Many Somalis welcomed air strikes Saturday that destroyed weapons stashes of one of the country's key warlords as a step toward breaking the power of Somalia's militia leaders.
But elsewhere in Mogadishu, there was dissent.
Hours after the strike, about 200 stone-throwing protesters marched along Mogadishu's main street toward the compound that houses the U.N. headquarters. Pakistani troops opened fire on the crowd, killing two people.
And angry protesters gathered at the destroyed radio station of warlord Mohamed Farrah Aidid, the target of the U.S.-led air strike.
Protests, however, were scattered. More prevalent was an apparent ambivalence. Somalis said they neither strongly supported the United Nations nor staunchly opposed Aidid.
There had been fears that military action against Aidid would touch off violent uprisings against U.N. troops, who blamed him for staging an ambush last week that killed 23 Pakistani soldiers on June 5.
Instead, many Somalis said they welcomed any step, including military strikes, to end the conflict that has wrecked their lives and country.
As the sun rose, residents appeared in the streets as usual to sip tea under the trees or shop in the market stalls.
"It is .05 percent, .0005 percent, of the people who are against the United Nations, because before the United Nations moved in we had no food, we were starving," said Aden Mohamed Ali, a translator.
"Some are neutral like me _ I hate everybody," said Mohamoud Hussein Jumale. "I hate the faction leaders, but also the United Nations for bombing us.
"Just to get rid of one faction leader is no big deal. They need to go house to house, from here to Bosasso (more than 1,000 miles to the north) and then maybe things will be okay."

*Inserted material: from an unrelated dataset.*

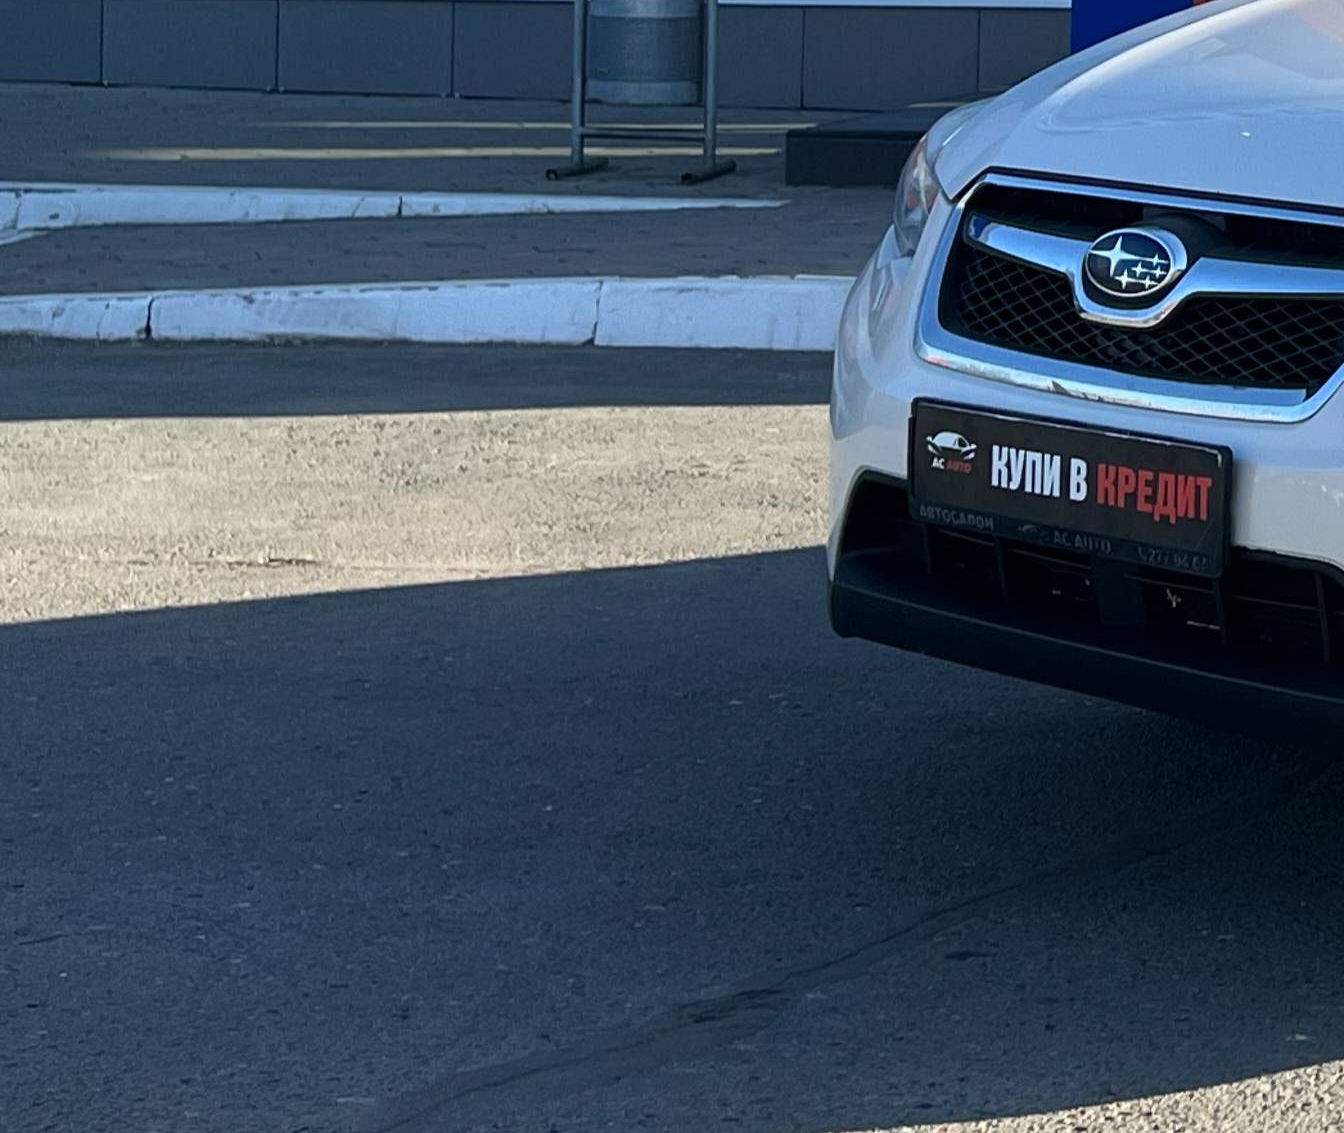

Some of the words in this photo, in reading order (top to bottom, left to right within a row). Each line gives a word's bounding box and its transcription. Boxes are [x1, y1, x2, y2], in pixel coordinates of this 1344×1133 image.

Added Hassan Agahle Abledoor: "It will be useless if they do not hit all the factions."
In the vacuum created by the overthrow of dictator Mohammed Siad Barre in January 1991, at least half a dozen warlords emerged to battle for land, wealth and power in this lawless east African country.

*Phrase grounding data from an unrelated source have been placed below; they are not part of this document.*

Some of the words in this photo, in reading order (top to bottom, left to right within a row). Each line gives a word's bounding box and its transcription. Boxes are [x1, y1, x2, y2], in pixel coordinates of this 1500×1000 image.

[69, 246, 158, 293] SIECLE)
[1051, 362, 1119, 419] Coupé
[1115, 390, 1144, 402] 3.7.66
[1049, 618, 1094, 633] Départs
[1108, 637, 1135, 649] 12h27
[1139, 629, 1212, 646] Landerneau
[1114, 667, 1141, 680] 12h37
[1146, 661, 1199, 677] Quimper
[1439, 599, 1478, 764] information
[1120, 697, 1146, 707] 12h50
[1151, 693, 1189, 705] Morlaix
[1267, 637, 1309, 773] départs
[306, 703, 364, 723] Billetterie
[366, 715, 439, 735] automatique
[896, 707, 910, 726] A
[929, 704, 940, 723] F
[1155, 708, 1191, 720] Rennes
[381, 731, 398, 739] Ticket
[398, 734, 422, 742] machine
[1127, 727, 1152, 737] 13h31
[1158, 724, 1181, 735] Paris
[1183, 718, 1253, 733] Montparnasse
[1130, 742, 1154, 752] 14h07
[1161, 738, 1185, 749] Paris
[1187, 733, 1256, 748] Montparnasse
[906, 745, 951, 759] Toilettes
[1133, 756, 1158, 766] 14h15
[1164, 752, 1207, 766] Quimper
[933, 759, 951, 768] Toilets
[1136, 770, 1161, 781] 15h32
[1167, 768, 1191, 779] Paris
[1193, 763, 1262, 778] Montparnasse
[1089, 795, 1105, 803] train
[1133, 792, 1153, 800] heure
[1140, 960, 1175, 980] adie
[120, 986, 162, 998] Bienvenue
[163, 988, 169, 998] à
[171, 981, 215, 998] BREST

Like many of the Somalis working as drivers, translators or guards for foreigners in Mogadishu, Jumale and Abledoor had promising careers before the government's collapse and the two years of clan warfare.
Jumale was a forest ranger for the Agriculture Ministry, and Abledoor a mechanic.
One of the few Somalis expressing anger at the air strikes was Hassan Farrah Ibar, a nurse at Benaadir Hospital, where 20 Somalis injured in clashes Saturday were taken for treatment.
Two of them died, including a 21-year-old woman who was six months pregnant.
As the woman's husband stood nearby, Ibar shook his head and accused the United Nations of overstepping its boundaries for the sake of pride. "The United Nations is shooting everyone now because it wants to get back its honor," he said. "Innocent people will die to avenge the deaths of those Pakistanis."